──────── Record excerpts ────────
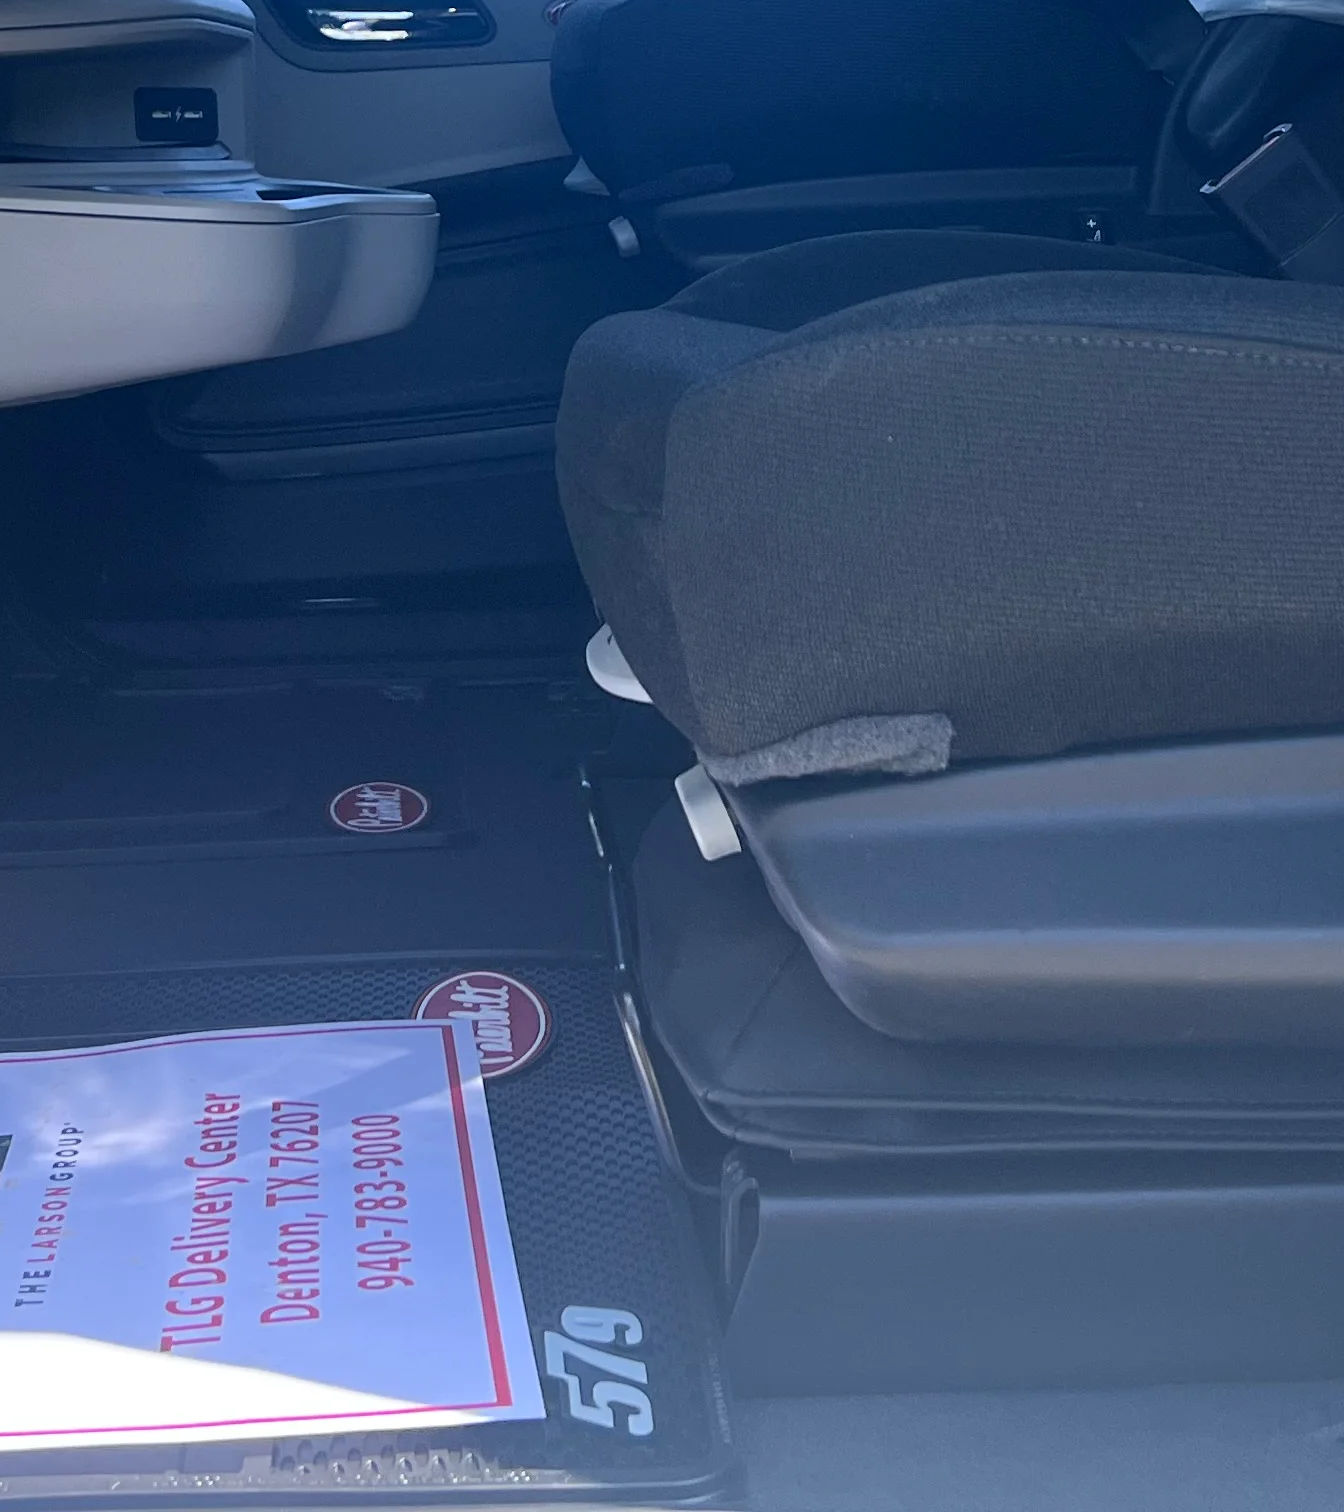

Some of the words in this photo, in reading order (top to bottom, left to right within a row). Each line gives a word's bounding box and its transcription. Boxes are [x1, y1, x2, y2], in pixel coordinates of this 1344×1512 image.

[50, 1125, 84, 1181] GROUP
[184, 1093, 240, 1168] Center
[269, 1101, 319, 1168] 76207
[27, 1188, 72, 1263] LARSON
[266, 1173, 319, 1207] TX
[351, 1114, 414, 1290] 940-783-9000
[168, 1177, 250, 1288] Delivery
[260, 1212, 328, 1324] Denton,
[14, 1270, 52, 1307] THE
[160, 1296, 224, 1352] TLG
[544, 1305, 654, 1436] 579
────────
The task: Output every entry exactly as given; pictures are not part of the copy.

Your response:
Some of the words in this photo, in reading order (top to bottom, left to right within a row). Each line gives a word's bounding box and its transcription. Boxes are [x1, y1, x2, y2], in pixel coordinates of this 1344×1512 image.

[50, 1125, 84, 1181] GROUP
[184, 1093, 240, 1168] Center
[269, 1101, 319, 1168] 76207
[27, 1188, 72, 1263] LARSON
[266, 1173, 319, 1207] TX
[351, 1114, 414, 1290] 940-783-9000
[168, 1177, 250, 1288] Delivery
[260, 1212, 328, 1324] Denton,
[14, 1270, 52, 1307] THE
[160, 1296, 224, 1352] TLG
[544, 1305, 654, 1436] 579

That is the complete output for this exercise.